Towards Zero-shot 3D Anomaly Localization

TL;DR

This work tackles zero-shot 3D anomaly localization, where the target class lacks normal training data. It introduces 3DzAL, a patch-level contrastive framework that uses pseudo anomalies generated from task-irrelevant 3D data, a memory-bank with RGB, FPFH, and learnable 3D features, and a 3D normalcy classifier augmented by adversarial perturbations to produce robust anomaly scores. A key insight is that a randomly initialized CNN exhibits an inductive bias that localizes regions of interest in 3D XYZ data, enabling effective pseudo anomaly synthesis without pre-trained 3D models. Across 90 zero-shot trials on the MVTec 3D-AD dataset, 3DzAL achieves state-of-the-art pixel-level and image-level metrics, demonstrating strong generalization to unseen classes and validating the utility of task-irrelevant data and input perturbations for zero-shot 3D anomaly detection and localization.

Abstract

3D anomaly detection and localization is of great significance for industrial inspection. Prior 3D anomaly detection and localization methods focus on the setting that the testing data share the same category as the training data which is normal.

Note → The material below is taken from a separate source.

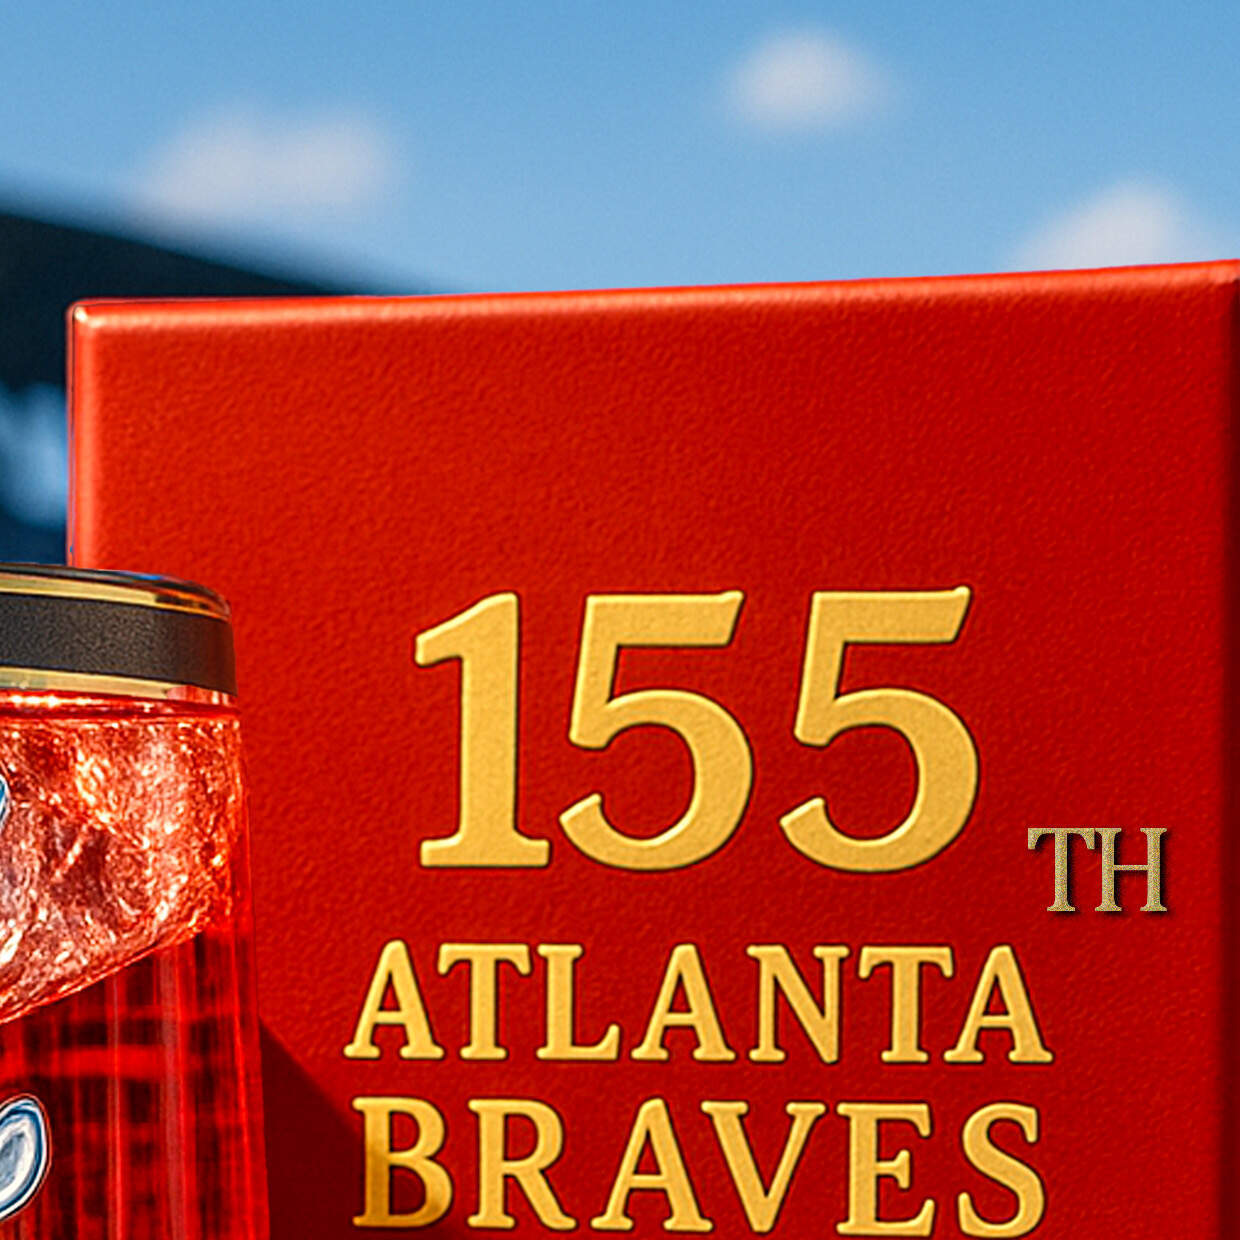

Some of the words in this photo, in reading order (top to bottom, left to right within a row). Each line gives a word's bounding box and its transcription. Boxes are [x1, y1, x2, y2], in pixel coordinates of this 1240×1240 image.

[414, 586, 981, 873] 155
[1026, 826, 1169, 914] TH
[344, 940, 1054, 1063] ATLANTA
[352, 1096, 1047, 1239] BRAVES

However, in real-world applications, the normal training data for the target 3D objects can be unavailable due to issues like data privacy or export control regulation. To tackle these challenges, we identify a new task -- zero-shot 3D anomaly detection and localization, where the training and testing classes do not overlap. To this end, we design 3DzAL, a novel patch-level contrastive learning framework based on pseudo anomalies generated using the inductive bias from task-irrelevant 3D xyz data to learn more representative feature representations. Furthermore, we train a normalcy classifier network to classify the normal patches and pseudo anomalies and utilize the classification result jointly with feature distance to design anomaly scores. Instead of directly using the patch point clouds, we introduce adversarial perturbations to the input patch xyz data before feeding into the 3D normalcy classifier for the classification-based anomaly score. We show that 3DzAL outperforms the state-of-the-art anomaly detection and localization performance.

Figures (4)

• Figure 1: Problem overview. Current 3D anomaly detection and localization works entail training on the normal data of one class and testing on the normal and abnormal data of the same class. We extend such setting by testing on other classes without the corresponding normal training data. This zero-shot setting is practical when such data are unavailable (e.g., due to data privacy, export control laws, etc.). GT denotes ground truth.
• Figure 2: Framework overview. Our proposed 3DzAL framework mainly adopts three branches to extract features given both 2D and 3D data of an object. The RGB branch extracts feature from 2D image data of the object using ResNet pre-trained on ImageNet. The FPFH branch extracts handcrafted FPFH features from 3D point cloud data. The point cloud branch employs a learnable network (PointNet++) to extract features. The network is trained by a patch-level contrastive learning loss, which takes inductive bias-based pseudo anomaly patches as negative samples and normal patches as positive samples and a representation disentanglement loss which pushes the FPFH features and the learned 3D features away. The features of the three branches are concatenated to store in the memory bank where a coreset selection is performed. In addition, a normalcy classifier is trained to classify the pseudo anomaly patch and the normal patch using the binary cross-entropy loss.
• Figure 3: Inductive bias of random networks. We feed the xyz data of abnormal examples as the input of a randomly initialized and untrained ResNet-50, and visualize the attention maps. These maps show that the random network has the inductive bias of covering the locations of interest, including the locations shown in the ground truth.
• Figure 4: Pseudo anomaly generation. Overview of our proposed patch-level 3D pseudo anomaly sample generation process for both "adding" and "removing" type anomalies.